Gwinn-Becker is the founder and CEO of HistoryIT, a company that helps organizations create digital archives that are genuinely accessible. “I believe history is incredibly important, but I also think it’s in danger,” she says. “Less than 2% of our historical materials are digital and even less of that is truly accessible.”
Gwinn-Becker’s love for history is personal. As a lesbian, growing up, she sought out evidence of herself across time. “I was interested in stories, interested in people whose lives mirrored mine to help me understand who I was.”
“[My identity] influences my love of history and my strong belief in history is important,” she says.
Despite always loving history, Gwinn-Becker found herself living and working in San Francisco during the early dot com boom and bust in the ‘90s. “It was an exciting time,” she recounts, “if you were intellectually curious, you could just jump right in.”
Being there was almost happenstance, Gwinn-Becker explained: “I was 20 years old and wanted to live in San Francisco.” Quickly, she fell in love with “all of the incredible new tools.” She was working with non-profits that encouraged her to take classes and apply the new skills. “I was really into software, web, and database development.”
But history eventually pulled her back. “Tech was fun, but I didn’t want to be a developer,” she says. Something was missing. When the opportunity to get a Ph.D. in history from George Washington University presented itself, “I got to work on the Eleanor Roosevelt papers, who I was and remain quite passionate about.”
Gwinn-Becker’s research on Eleanor Roosevelt planted the seeds of digital preservation. “Eleanor Roosevelt doesn’t have a single archive. FDR has lots but the first ladies don’t,” she says. Gwinn-Becker wondered what else was missing from the archive — and what would be missing from the archive if we didn’t start preserving it now.
Those questions eventually led Gwinn-Becker to found HistoryIT in 2011. Since then, the company has created digital archives for organizations ranging from museums and universities to sororities, fraternities, and community organizations.
This process is not easy. “Digital preservation is more than scanning,” says Gwinn-Becker. “Most commercial scanners’ intent is to create a digital copy, not an exact replica.”
To digitally preserve something, Gwinn-Becker’s team must take a photo with overhead cameras. “There is an international standard,” she says, “you create an archival TIFF.”
“It’s the biggest possible file we can create now. That’s how you future-proof.”

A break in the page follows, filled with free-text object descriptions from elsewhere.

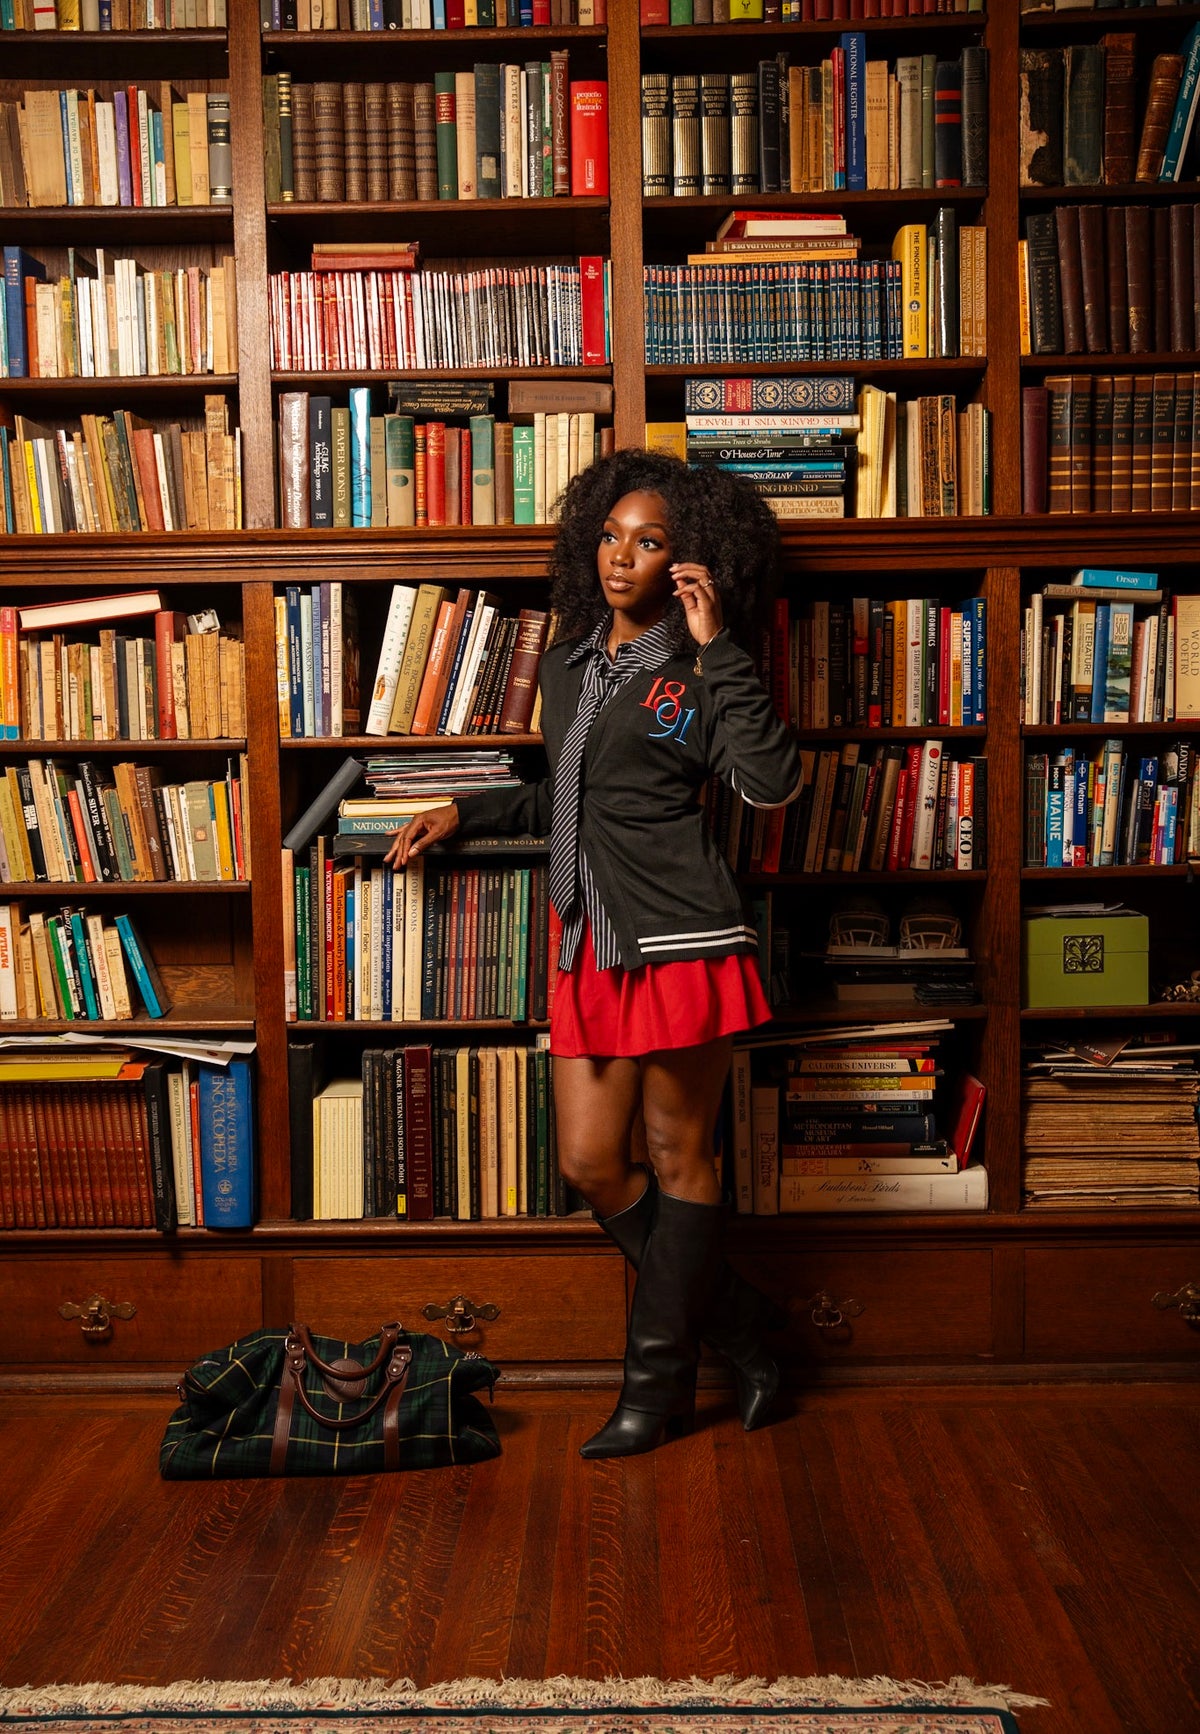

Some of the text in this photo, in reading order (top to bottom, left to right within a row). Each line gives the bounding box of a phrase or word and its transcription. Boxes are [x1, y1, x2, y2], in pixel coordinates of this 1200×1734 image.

[849, 38, 859, 120] NATIONAL REGISTER
[694, 418, 841, 427] LES GRANDS VINS DE FRANCE
[313, 442, 323, 479] Archipelago
[321, 447, 330, 473] GULAG
[336, 428, 347, 503] PAPER MONEY
[752, 471, 795, 480] ANTIQUES
[778, 484, 820, 493] DEFINED
[292, 491, 303, 528] Dictionary
[1115, 575, 1140, 586] Orsay
[312, 600, 321, 648] PAPER MAGIC
[927, 607, 937, 648] INFONOMICS
[977, 602, 985, 619] How
[394, 605, 413, 674] ELEMENTS
[1115, 623, 1128, 635] 500
[402, 606, 433, 716] THE COLLECTORS ENCYCLOPEDIA
[403, 641, 417, 677] OF DOLLS
[896, 620, 905, 710] SMART LUCKY?
[913, 649, 921, 677] STARTUPS
[977, 649, 985, 668] What
[1083, 622, 1094, 676] LITERATURE
[1180, 638, 1190, 677] POETRY
[1190, 629, 1200, 676] WORLD
[305, 641, 314, 704] PASSION DETAIL
[817, 657, 828, 681] four
[870, 662, 881, 696] branding
[927, 760, 938, 793] Boys
[940, 760, 949, 798] BIG BRANDS
[1178, 744, 1190, 783] LONDON
[136, 772, 150, 808] LATIN
[949, 769, 957, 798] LEADING
[1077, 780, 1087, 816] Vietnam
[1141, 779, 1154, 810] Brazil
[87, 797, 102, 827] SILVER
[351, 821, 399, 831] NATIONAL
[1049, 793, 1063, 842] MAINE
[1168, 815, 1177, 839] French
[503, 838, 546, 847] NATIONAL
[891, 825, 901, 859] OPPORTUNITY
[959, 816, 974, 855] CEO
[325, 869, 333, 904] VICTORIAN
[62, 909, 74, 930] Zorro
[325, 904, 333, 943] EMBROIDERY
[335, 894, 346, 925] Antiques
[361, 883, 371, 954] Decorating Fabric
[410, 898, 419, 932] ROOMS
[0, 926, 10, 969] PAPILLON
[384, 908, 394, 973] Interior Inspirations
[335, 959, 345, 989] Designs
[808, 1062, 897, 1072] CALDER'S UNIVERSE
[211, 1075, 226, 1174] ENCYCLOPEDIA
[226, 1077, 238, 1173] THE NEW COLUMBIA
[793, 1122, 853, 1130] METROPOLITAN
[803, 1129, 838, 1137] MUSEUM
[759, 1132, 778, 1187] Politics
[814, 1182, 903, 1193] Audubon's Birds

Despite the common belief that the internet is forever, JPEGs saved to social media or websites are a poor archive. “It’s more expensive for us to do projects in the 2000 to 2016 period than to do 19th-century projects,” explains Gwinn-Becker, since finding adequate files for preservation can be tricky. “The images themselves are deteriorated because they’re compressed so much,” she says.
Her clients are finding that having a strong digital archive is useful outside of the noble goal of protecting history. “It’s a unique trove of content,” says Gwinn-Becker. One client saw a 790% increase in donations after incorporating the digital archive into fundraising efforts. “It’s important to have content quickly and easily,” says Gwinn-Becker, whose team also works with clients on digital strategy for their archive.

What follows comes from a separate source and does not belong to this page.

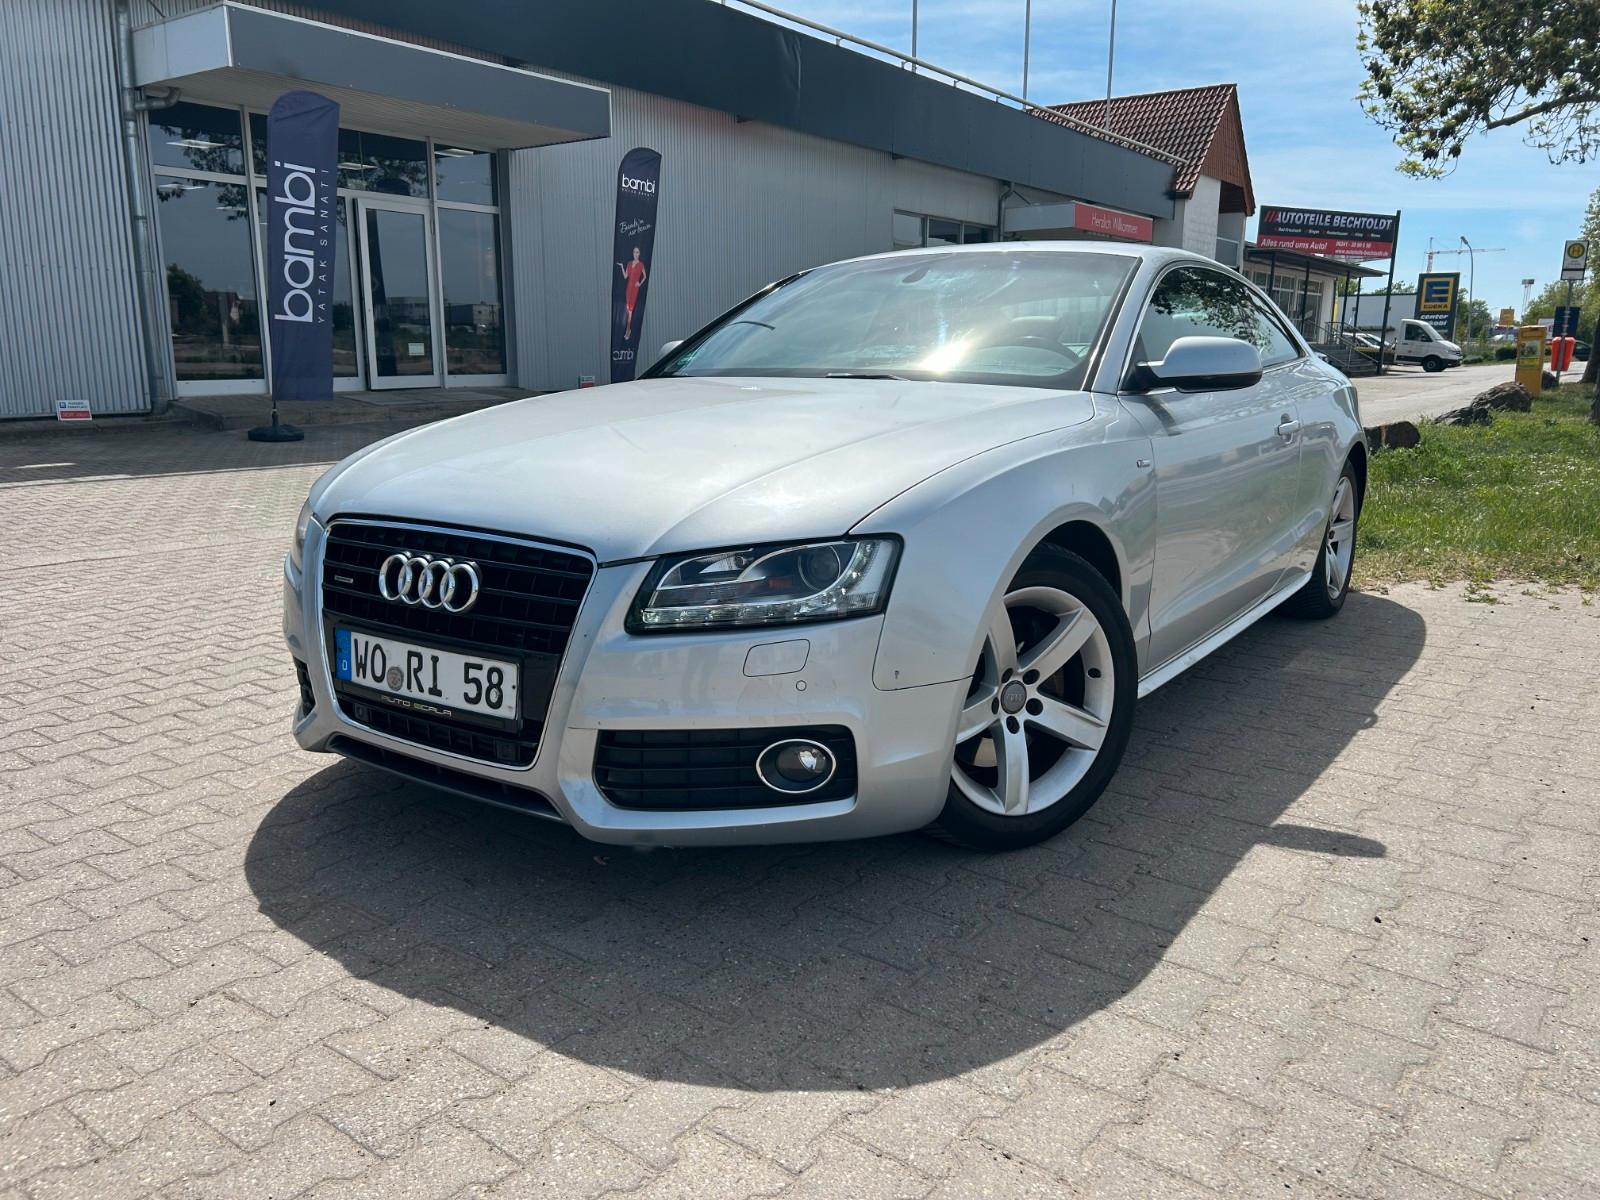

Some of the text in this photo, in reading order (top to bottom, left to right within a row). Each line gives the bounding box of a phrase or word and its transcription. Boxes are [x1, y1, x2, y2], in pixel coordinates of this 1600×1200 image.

One of Gwinn-Becker’s favorite parts of her job is finding what she calls “hidden histories.”
“We [LGBTQ people] are represented everywhere. We’re represented in sports, in religious history, in every kind of movement, not only our movement. I’m passionate about bringing those stories out.”
Sometimes queer stories are found in unexpected places, says Gwinn-Becker. “We work with sororities and fraternities. There are a hell of a lot of our stories there.”
Part of digital preservation is also making sure that history being created in the moment is not lost to future generations. HistoryIT works with NFL teams, for example. One of their clients is the Panthers, who hired Justine Lindsay, the first transgender cheerleader in the NFL. Gwinn-Becker was excited to be able to preserve information about Lindsay in the digital record. “It’s making history in the process of preserving it,” says Gwinn-Becker.
Preserving queer history, either through “hidden histories” or LGBTQ-specific archives, is vital says Gwinn-Becker. “Think about whose history gets marginalized, whose history gets moved to the sidelines, whose history gets just erased,” she prompts. “In a time of fake news, we need to point to evidence in the past. Queer people have existed since there were humans, but their stories are hidden,” Gwinn-Becker says.
Meanwhile, Gwinn-Becker accidentally finds herself as part of queer history too. Listed as one of Inc. Magazine’s Top 250 Female Founders of 2024, she is surrounded by names like Christina Aguilera, Selena Gomez, and Natalie Portman.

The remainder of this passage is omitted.